İzmir Körfezi'nde üç sorun: Kirlilik, amatör balıkçılık, denetimsizlik!
İzmir Körfezi'nde üç sorun: Kirlilik, amatör balıkçılık, denetimsizlik!
İzmir Körfezi'nde yaşanan kirlilik ve temizleme çalışmaları konusunda bakanlık ile büyükşehir arasındaki görev yetki tartışmaları gündemdeki yerini korurken, geçtiğimiz günlerde bazı bölgeler, "deniz marulu" olarak bilinen yosun türüyle kaplandı. Kirli körfezin bir diğer sorun teşkil eden yanı da amatör balıkçılığa devam edilmesi. Kirli körfezden çıkan balıkların insan sağlığı için ne kadar büyük bir tehlike oluşturduğunu düşünen Doç. Dr. Ozan Soykan, ayrıca denetimsizliğe dikkat çekti.
TAHA ŞAHİN / BEN HABER
İzmir nüfusunun 5 milyona yaklaşmasıyla birlikte denize dökülen atıklar fark edilir bir hal aldı ve kirlilik seviyesi de yıllar içinde artmaya devam ediyor. Çevre ve Şehircilik Bakanlığı ile İzmir Büyükşehir Belediyesi arasında körfez kirliliği ve temizleme çalışmaları konusunda tartışmalar sürüyor.

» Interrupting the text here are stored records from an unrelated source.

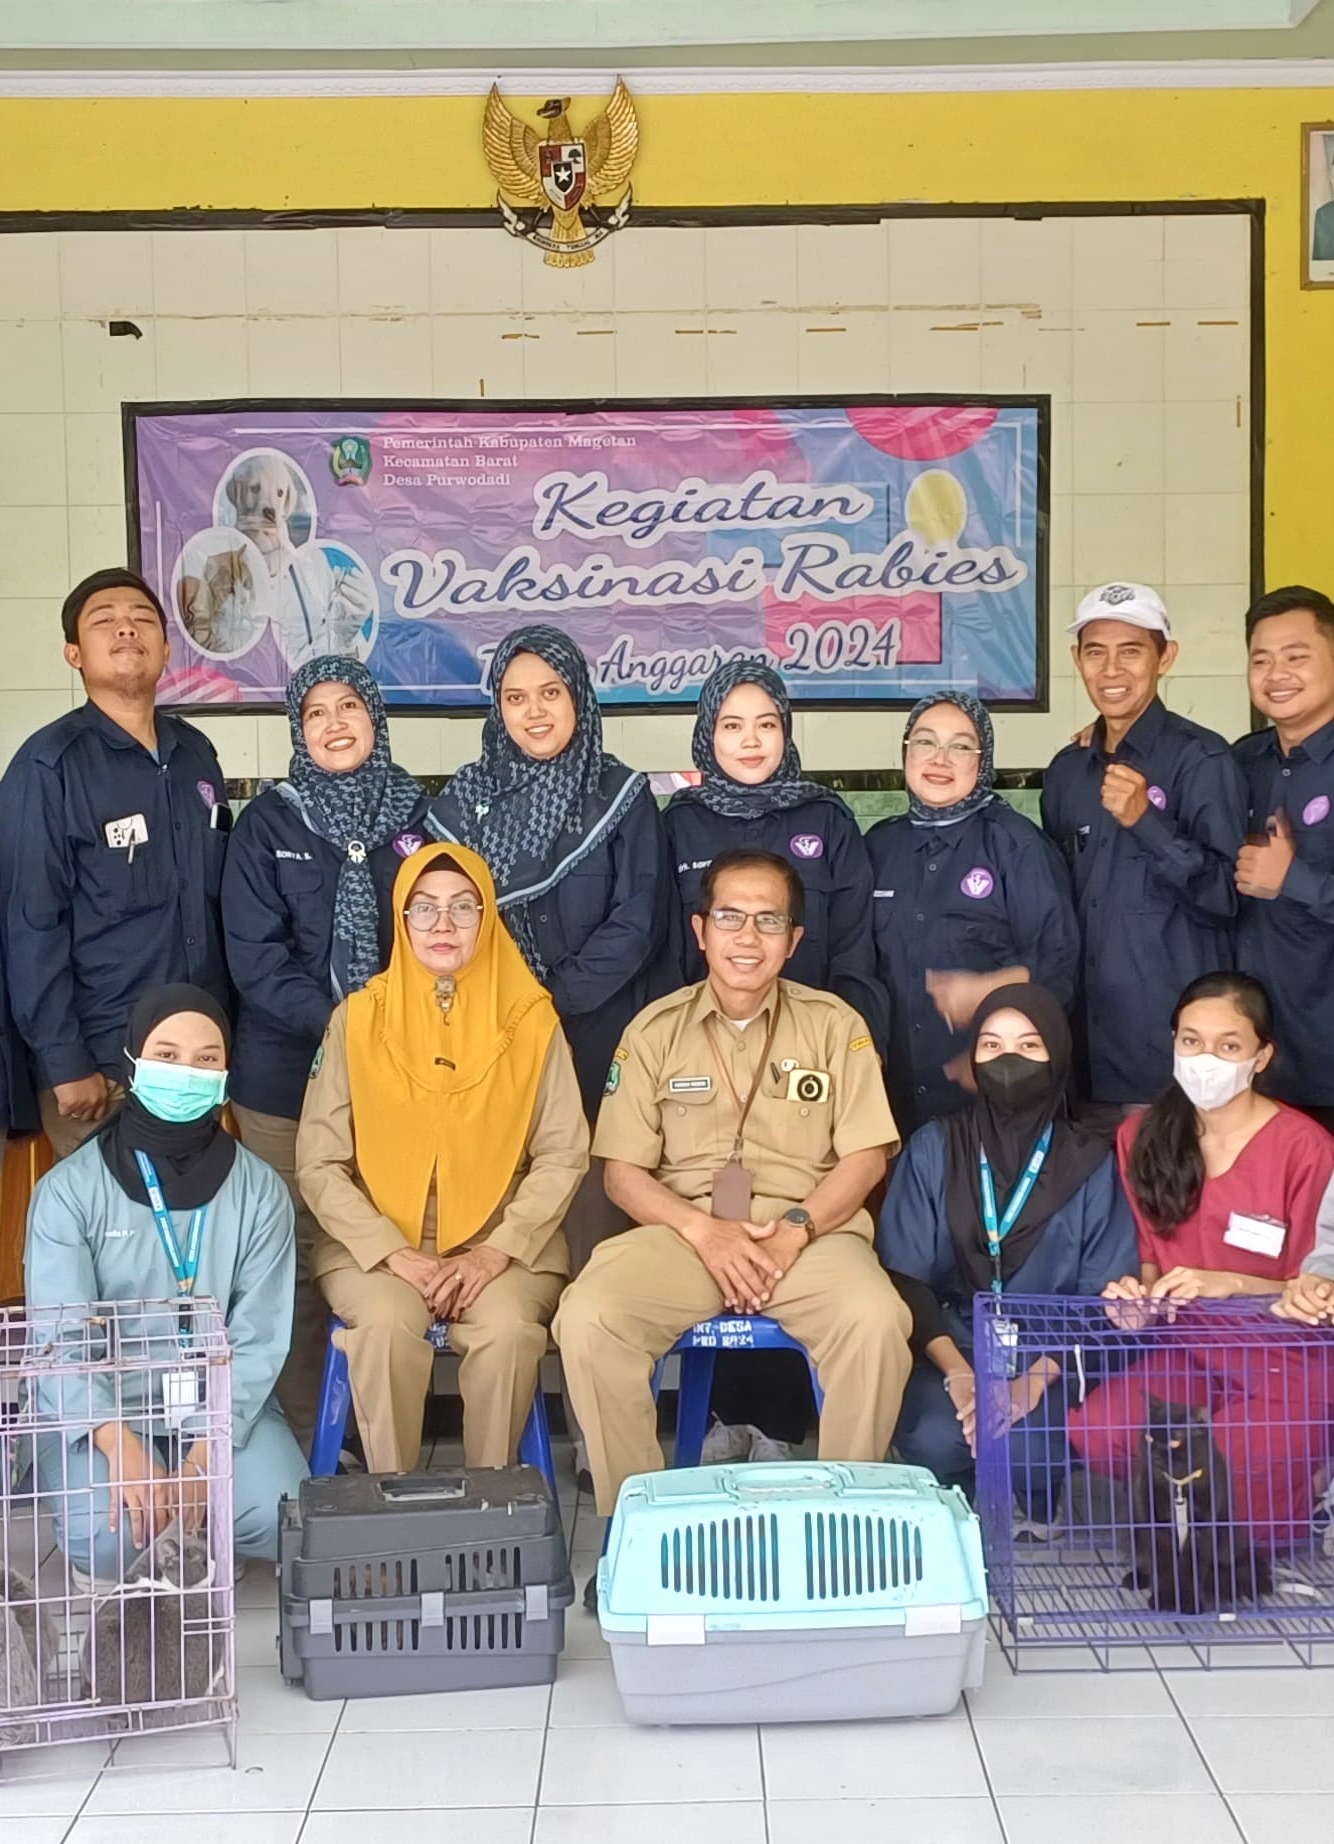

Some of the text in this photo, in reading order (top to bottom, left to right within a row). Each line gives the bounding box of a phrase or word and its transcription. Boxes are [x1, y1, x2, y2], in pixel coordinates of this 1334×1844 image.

[384, 435, 636, 450] Pemerintah Kabupaten Magetan
[383, 454, 518, 468] Kecamatan Barat
[383, 473, 511, 486] Desa Purwodadi
[541, 480, 865, 540] Kegiatan
[389, 539, 1018, 609] Vaksinasi Rabies
[788, 624, 897, 671] 2024
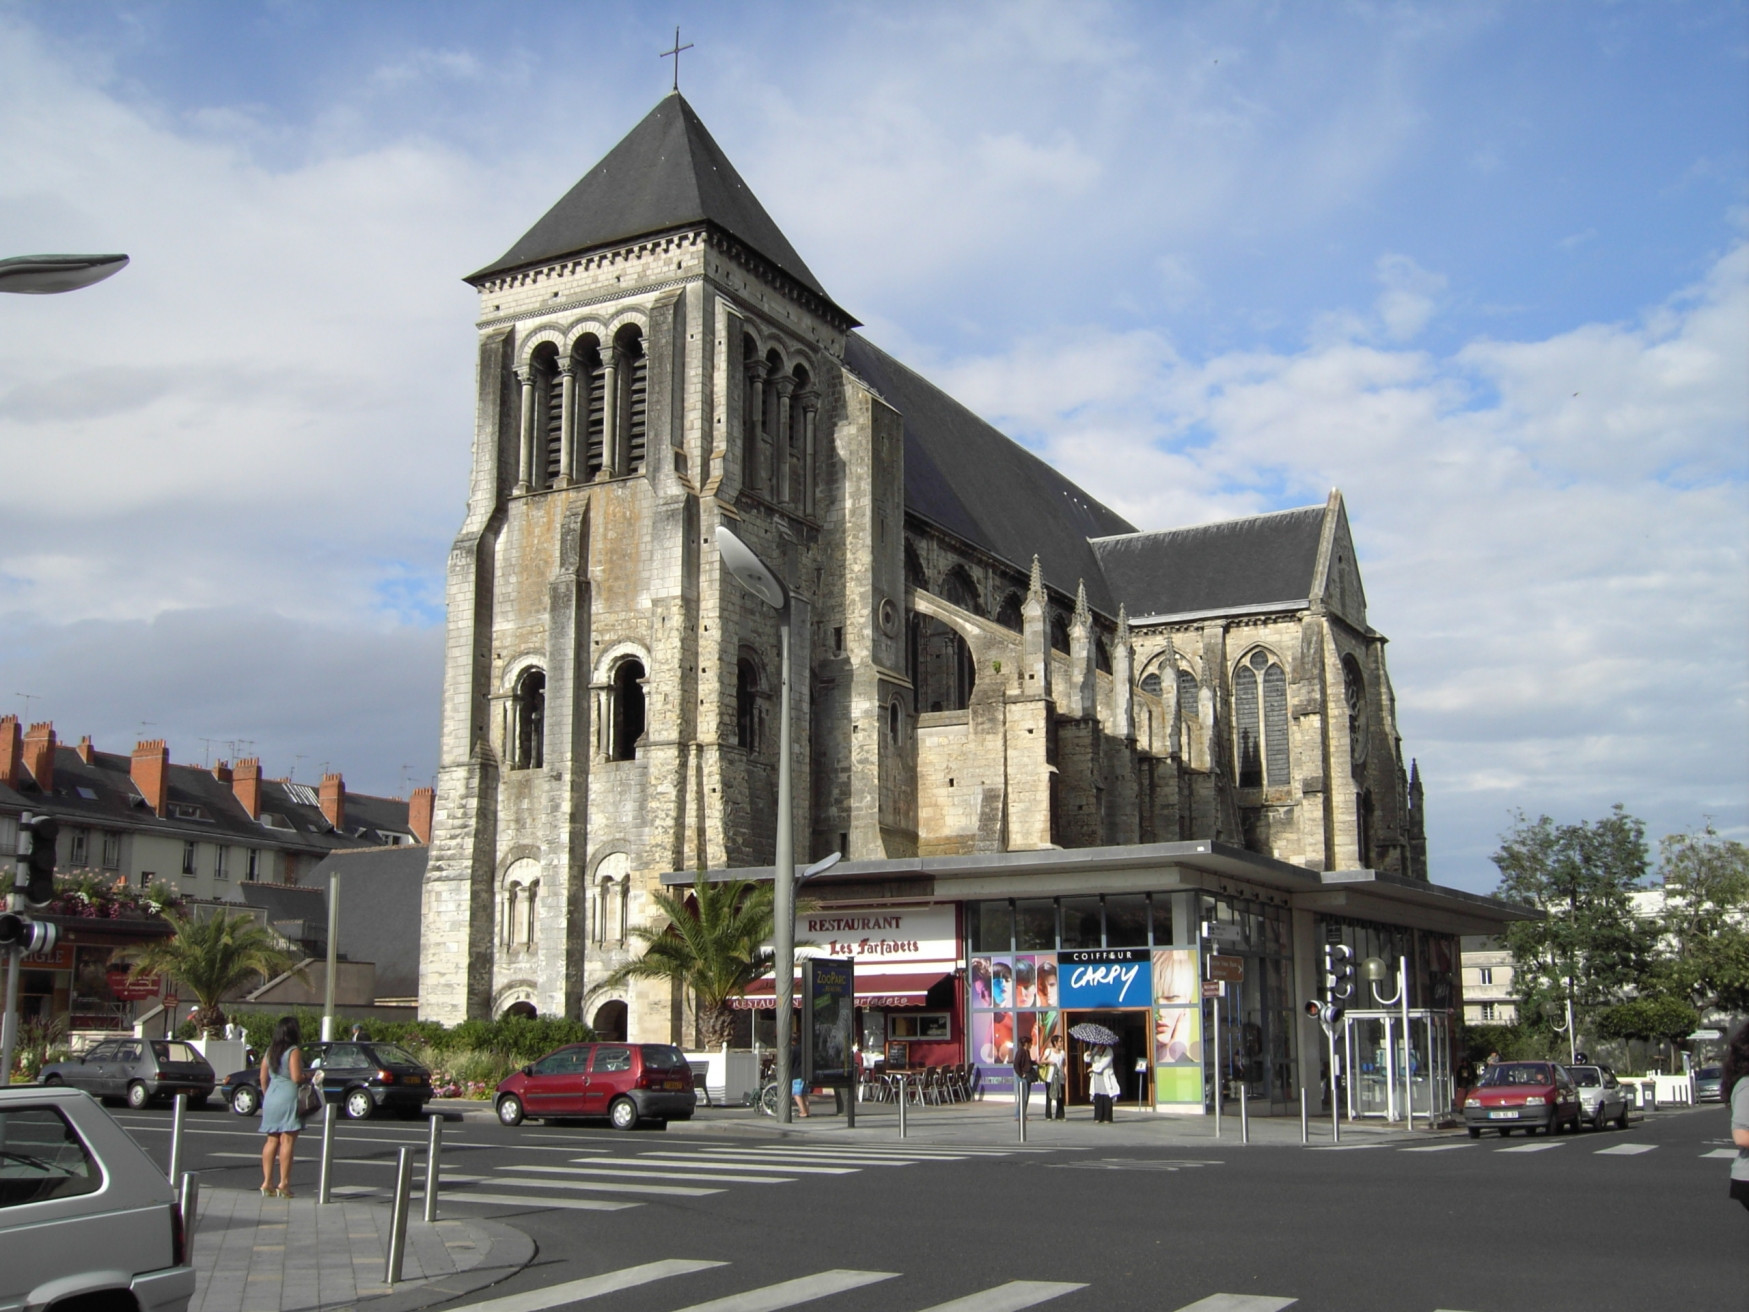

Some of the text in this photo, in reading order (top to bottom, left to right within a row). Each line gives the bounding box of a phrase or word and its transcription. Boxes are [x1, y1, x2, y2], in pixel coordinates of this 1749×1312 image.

Körfezde yapılan amatör balıkçılık büyük tehlike arz ederken, Ege Üniversitesi Su Ürünleri Fakültesi Avlama ve İşleme Teknolojisi Bölümü Öğretim Üyesi Doç. Dr. Ozan Soykan, konuyu Ben Haber'e değerlendirdi.
“İÇ KÖRFEZDE BALIK AVCILIĞI YASAK!”
İzmir Körfezi'nin 3 kısma ayrıldığını ifade eden Soykan, “Akademik çalışmalarda 3 bölüme ayrılır; iç körfez, orta körfez ve dış körfezdir. Çamaltı Tuzlası-Narlıdere-İnciraltı hattının doğu tarafı iç körfez, Uzun Ada-Gülbahçe arasında kalan kısım orta körfez, Mordoğan-Foça hattının dışında kalan yerler ise dış körfez olarak sınıflandırılabilir. Amatör balık avcılığı ve ticari balık avcılığı konusunda 2024 yılından 2028 yılına kadar düzenlenen tebliğ kapsamında; Ticari balıkçılık genelde iç körfez dışında yapılır. Aslında iç körfezde her türlü balık avcılığı yasaktır.” diye konuştu.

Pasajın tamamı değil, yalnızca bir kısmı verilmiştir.